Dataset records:
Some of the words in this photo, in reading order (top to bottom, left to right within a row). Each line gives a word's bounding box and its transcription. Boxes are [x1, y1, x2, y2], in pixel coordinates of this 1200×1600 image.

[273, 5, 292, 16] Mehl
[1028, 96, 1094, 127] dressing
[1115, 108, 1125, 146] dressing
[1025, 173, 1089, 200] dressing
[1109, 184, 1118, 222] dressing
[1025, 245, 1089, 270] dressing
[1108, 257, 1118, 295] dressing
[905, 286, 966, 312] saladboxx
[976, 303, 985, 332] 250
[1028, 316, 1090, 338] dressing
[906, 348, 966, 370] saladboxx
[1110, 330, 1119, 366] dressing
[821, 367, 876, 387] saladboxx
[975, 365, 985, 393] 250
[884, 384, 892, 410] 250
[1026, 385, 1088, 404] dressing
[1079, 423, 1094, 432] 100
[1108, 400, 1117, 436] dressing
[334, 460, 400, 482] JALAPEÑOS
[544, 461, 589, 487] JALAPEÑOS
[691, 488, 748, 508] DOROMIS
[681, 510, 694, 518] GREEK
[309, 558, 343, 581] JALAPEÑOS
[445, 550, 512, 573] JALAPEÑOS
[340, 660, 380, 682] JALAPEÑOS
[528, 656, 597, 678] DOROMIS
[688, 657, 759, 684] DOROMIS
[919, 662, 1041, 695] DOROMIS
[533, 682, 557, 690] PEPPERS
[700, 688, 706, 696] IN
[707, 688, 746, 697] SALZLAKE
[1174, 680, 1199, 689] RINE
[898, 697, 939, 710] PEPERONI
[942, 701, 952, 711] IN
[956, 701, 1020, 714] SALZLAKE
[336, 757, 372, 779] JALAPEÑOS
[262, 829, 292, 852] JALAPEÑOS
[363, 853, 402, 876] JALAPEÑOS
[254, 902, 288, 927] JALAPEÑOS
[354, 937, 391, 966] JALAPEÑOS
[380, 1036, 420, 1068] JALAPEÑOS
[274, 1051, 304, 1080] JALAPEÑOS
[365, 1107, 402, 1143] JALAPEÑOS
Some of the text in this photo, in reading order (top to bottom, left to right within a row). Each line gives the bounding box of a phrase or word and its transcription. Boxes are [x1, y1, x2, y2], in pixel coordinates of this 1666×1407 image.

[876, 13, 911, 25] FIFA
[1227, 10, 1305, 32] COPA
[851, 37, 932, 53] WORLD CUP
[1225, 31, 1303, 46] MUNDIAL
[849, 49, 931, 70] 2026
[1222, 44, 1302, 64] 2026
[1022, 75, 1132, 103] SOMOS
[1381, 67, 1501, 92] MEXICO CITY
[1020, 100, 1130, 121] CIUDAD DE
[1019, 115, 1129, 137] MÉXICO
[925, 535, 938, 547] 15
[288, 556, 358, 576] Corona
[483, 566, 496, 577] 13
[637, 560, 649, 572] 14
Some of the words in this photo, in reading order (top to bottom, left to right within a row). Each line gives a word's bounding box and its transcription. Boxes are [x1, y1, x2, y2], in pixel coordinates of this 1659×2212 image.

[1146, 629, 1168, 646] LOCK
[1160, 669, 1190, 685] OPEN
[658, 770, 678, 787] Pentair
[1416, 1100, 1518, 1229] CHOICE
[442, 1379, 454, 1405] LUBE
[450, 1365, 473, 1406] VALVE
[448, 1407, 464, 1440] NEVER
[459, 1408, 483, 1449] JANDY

EXERCISE = Retype every record without alteration.

RESULT OF THIS EXERCISE =
Some of the words in this photo, in reading order (top to bottom, left to right within a row). Each line gives a word's bounding box and its transcription. Boxes are [x1, y1, x2, y2], in pixel coordinates of this 1200×1600 image.

[273, 5, 292, 16] Mehl
[1028, 96, 1094, 127] dressing
[1115, 108, 1125, 146] dressing
[1025, 173, 1089, 200] dressing
[1109, 184, 1118, 222] dressing
[1025, 245, 1089, 270] dressing
[1108, 257, 1118, 295] dressing
[905, 286, 966, 312] saladboxx
[976, 303, 985, 332] 250
[1028, 316, 1090, 338] dressing
[906, 348, 966, 370] saladboxx
[1110, 330, 1119, 366] dressing
[821, 367, 876, 387] saladboxx
[975, 365, 985, 393] 250
[884, 384, 892, 410] 250
[1026, 385, 1088, 404] dressing
[1079, 423, 1094, 432] 100
[1108, 400, 1117, 436] dressing
[334, 460, 400, 482] JALAPEÑOS
[544, 461, 589, 487] JALAPEÑOS
[691, 488, 748, 508] DOROMIS
[681, 510, 694, 518] GREEK
[309, 558, 343, 581] JALAPEÑOS
[445, 550, 512, 573] JALAPEÑOS
[340, 660, 380, 682] JALAPEÑOS
[528, 656, 597, 678] DOROMIS
[688, 657, 759, 684] DOROMIS
[919, 662, 1041, 695] DOROMIS
[533, 682, 557, 690] PEPPERS
[700, 688, 706, 696] IN
[707, 688, 746, 697] SALZLAKE
[1174, 680, 1199, 689] RINE
[898, 697, 939, 710] PEPERONI
[942, 701, 952, 711] IN
[956, 701, 1020, 714] SALZLAKE
[336, 757, 372, 779] JALAPEÑOS
[262, 829, 292, 852] JALAPEÑOS
[363, 853, 402, 876] JALAPEÑOS
[254, 902, 288, 927] JALAPEÑOS
[354, 937, 391, 966] JALAPEÑOS
[380, 1036, 420, 1068] JALAPEÑOS
[274, 1051, 304, 1080] JALAPEÑOS
[365, 1107, 402, 1143] JALAPEÑOS
Some of the text in this photo, in reading order (top to bottom, left to right within a row). Each line gives the bounding box of a phrase or word and its transcription. Boxes are [x1, y1, x2, y2], in pixel coordinates of this 1666×1407 image.

[876, 13, 911, 25] FIFA
[1227, 10, 1305, 32] COPA
[851, 37, 932, 53] WORLD CUP
[1225, 31, 1303, 46] MUNDIAL
[849, 49, 931, 70] 2026
[1222, 44, 1302, 64] 2026
[1022, 75, 1132, 103] SOMOS
[1381, 67, 1501, 92] MEXICO CITY
[1020, 100, 1130, 121] CIUDAD DE
[1019, 115, 1129, 137] MÉXICO
[925, 535, 938, 547] 15
[288, 556, 358, 576] Corona
[483, 566, 496, 577] 13
[637, 560, 649, 572] 14
Some of the words in this photo, in reading order (top to bottom, left to right within a row). Each line gives a word's bounding box and its transcription. Boxes are [x1, y1, x2, y2], in pixel coordinates of this 1659×2212 image.

[1146, 629, 1168, 646] LOCK
[1160, 669, 1190, 685] OPEN
[658, 770, 678, 787] Pentair
[1416, 1100, 1518, 1229] CHOICE
[442, 1379, 454, 1405] LUBE
[450, 1365, 473, 1406] VALVE
[448, 1407, 464, 1440] NEVER
[459, 1408, 483, 1449] JANDY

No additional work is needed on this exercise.